Mendung Hitam itu Seperti Bayangan Bapak

CERPEN ANAS S. MALO

Setiap ada awan hitam, seperti ada bayangan bapak sedang memukuli ibu. Saat itulah aku mulai gelisah.
Aku berbaring di ranjang, berusaha untuk tidur, tapi tidak bisa.

Terdengar ada suara rintik hujan jatuh ke genteng. Aku terbangun saat air menerobos genteng mengenai rambutku. Hujan sudah turun setelah beberapa saat setelah aku mulai berusaha memejamkan mata.

Mataku terasa sepat dan berat sebab semalam aku belum tidur sama sekali. Aku membuka jendela, melihat angin sedang ribut, petir-petir menggelegar, berkilat-kilat.

Hujan turun dengan deras. Pohon-pohon bergoyang-goyang. Dari jendela, aku teringat kepada guru mengajiku, belasan tahun yang lalu, saat aku dan teman-teman duduk melingkar di surau. Namanya Mbah Karim.

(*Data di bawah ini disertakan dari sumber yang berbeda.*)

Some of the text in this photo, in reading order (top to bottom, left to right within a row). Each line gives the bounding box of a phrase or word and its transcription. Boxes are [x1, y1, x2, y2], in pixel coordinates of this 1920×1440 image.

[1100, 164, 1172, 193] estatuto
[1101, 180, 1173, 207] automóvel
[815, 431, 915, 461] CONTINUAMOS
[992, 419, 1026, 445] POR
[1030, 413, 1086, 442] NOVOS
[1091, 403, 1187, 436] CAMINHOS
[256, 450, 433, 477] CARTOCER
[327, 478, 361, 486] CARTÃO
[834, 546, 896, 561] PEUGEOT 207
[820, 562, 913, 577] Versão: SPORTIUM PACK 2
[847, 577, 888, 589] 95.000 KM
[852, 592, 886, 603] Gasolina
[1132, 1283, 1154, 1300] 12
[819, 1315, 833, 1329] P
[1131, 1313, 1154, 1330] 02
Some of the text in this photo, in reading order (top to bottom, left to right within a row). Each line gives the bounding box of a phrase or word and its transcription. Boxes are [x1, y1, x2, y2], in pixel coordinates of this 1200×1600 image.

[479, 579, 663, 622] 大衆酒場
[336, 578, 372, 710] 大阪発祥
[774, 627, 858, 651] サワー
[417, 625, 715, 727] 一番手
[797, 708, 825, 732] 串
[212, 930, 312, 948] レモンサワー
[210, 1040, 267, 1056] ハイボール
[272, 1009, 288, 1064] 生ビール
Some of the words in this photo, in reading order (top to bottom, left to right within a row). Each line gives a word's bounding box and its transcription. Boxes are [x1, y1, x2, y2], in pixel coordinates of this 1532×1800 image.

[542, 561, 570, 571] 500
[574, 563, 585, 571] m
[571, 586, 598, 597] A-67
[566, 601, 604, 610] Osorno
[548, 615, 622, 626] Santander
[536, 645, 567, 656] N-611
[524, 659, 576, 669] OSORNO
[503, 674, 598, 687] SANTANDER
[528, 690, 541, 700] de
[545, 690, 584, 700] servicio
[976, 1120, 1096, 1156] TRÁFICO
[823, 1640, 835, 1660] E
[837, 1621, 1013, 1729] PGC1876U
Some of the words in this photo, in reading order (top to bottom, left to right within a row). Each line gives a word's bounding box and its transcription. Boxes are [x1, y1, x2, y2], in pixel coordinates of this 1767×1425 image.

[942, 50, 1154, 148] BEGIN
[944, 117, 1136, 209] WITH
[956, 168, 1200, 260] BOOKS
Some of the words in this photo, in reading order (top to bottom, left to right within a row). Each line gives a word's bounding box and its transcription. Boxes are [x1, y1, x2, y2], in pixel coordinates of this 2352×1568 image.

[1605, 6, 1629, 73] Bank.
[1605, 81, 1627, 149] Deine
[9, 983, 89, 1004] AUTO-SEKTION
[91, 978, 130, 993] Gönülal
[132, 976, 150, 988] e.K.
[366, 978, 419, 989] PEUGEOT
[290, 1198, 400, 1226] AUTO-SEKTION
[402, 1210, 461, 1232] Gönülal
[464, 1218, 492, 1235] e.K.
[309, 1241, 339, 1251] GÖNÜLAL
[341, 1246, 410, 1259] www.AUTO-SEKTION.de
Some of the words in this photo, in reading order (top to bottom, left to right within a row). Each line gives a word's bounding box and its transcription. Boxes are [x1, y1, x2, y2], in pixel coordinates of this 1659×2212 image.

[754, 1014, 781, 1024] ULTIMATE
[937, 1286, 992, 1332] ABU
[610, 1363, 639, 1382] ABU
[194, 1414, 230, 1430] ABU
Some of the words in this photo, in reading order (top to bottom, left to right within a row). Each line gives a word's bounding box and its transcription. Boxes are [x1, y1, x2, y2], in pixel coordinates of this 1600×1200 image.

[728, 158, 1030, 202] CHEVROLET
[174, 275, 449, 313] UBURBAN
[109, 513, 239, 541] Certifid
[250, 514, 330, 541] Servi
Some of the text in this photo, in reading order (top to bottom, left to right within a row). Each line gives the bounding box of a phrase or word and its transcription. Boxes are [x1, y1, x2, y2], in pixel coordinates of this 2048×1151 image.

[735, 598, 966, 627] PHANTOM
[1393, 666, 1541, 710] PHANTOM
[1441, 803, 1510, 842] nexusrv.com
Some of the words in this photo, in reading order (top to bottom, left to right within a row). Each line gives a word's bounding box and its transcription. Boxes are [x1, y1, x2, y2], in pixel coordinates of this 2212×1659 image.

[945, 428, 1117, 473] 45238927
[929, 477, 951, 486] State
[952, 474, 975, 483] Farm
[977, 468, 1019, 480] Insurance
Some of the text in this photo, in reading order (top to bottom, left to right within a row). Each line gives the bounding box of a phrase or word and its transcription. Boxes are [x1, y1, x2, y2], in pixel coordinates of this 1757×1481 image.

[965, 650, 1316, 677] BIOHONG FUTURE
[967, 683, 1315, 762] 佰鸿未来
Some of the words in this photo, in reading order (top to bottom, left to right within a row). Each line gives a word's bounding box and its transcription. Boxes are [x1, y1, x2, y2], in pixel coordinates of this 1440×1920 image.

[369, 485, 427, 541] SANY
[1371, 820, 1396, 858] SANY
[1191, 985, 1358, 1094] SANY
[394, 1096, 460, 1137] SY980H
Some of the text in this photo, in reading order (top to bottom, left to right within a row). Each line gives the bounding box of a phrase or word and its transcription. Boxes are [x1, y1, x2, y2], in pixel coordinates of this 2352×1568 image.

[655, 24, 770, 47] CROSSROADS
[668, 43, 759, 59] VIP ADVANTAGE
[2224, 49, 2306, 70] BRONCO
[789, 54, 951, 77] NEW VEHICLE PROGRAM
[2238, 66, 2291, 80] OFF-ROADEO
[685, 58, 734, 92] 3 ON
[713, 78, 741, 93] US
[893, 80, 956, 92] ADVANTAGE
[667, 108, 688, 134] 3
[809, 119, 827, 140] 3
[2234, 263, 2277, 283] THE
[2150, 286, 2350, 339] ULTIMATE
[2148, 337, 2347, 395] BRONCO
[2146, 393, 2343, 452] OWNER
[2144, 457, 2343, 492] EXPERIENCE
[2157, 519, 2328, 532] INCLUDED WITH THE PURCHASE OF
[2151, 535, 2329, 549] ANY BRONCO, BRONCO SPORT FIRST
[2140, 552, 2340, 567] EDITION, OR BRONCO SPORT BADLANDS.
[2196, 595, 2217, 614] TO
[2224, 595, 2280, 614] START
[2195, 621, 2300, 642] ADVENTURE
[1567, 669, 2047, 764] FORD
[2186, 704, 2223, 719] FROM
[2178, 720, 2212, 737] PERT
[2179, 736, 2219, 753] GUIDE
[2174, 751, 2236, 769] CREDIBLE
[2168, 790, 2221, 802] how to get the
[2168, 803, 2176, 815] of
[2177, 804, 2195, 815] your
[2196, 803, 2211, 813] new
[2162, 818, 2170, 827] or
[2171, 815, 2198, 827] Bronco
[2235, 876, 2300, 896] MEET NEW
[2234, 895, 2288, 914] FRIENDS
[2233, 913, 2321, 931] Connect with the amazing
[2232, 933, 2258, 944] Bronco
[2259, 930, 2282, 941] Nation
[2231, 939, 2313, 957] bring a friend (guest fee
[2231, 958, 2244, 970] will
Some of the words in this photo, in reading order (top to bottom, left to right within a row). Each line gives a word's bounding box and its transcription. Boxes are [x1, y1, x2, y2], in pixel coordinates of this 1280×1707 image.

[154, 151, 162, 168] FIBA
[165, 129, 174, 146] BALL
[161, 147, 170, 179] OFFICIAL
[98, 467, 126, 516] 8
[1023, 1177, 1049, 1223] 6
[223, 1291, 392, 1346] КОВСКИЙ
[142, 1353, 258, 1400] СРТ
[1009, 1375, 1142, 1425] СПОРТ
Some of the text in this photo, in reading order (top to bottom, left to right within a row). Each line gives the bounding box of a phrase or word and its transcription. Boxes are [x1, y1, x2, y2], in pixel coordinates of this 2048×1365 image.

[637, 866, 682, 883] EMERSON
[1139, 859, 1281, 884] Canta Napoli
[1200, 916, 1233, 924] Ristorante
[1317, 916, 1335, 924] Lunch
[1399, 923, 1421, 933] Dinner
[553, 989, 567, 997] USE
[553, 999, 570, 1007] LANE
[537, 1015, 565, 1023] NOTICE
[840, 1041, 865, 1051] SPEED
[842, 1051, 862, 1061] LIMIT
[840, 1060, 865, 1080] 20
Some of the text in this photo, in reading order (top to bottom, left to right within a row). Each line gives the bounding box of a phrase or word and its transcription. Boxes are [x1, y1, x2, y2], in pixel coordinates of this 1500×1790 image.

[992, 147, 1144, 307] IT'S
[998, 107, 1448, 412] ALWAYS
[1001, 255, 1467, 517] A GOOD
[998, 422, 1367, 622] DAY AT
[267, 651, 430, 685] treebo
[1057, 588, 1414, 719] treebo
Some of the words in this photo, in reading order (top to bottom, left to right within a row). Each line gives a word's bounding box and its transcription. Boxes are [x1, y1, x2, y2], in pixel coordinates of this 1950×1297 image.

Ia bilang jika ada hujan deras dan angin ribut “azanlah.”

Kurang lebih seperti itu. Melihat angin gaduh disertai hujan deras di halaman rumahku, maka aku segera mengais-ngais ingatanku tentang lafaz azan.

Aku mulai azan dengan suara terbatuk-batuk, karena tenggorokanku gatal. Aku melihat awan bergulung-gulung berwarna hitam menggantung di langit. Di tengah-tengah azan, tiba-tiba aku teringat sesuatu.

Saat itulah, suaraku mulai rendah, pikiranku sudah tidak berkonsentrasi lagi. Akhirnya, azan tidak sampai selesai, lalu duduk di amben sambil termangu.

Kemudian kenangan-kenangan pahit terbesit di dalam kepalaku. Hujan mengingatkan aku pada ingatan-ingatan yang seharusnya tak perlu aku ingat. Tiba-tiba, ingatan tentang kematian ibu, tentang bapak muncul tanpa izin.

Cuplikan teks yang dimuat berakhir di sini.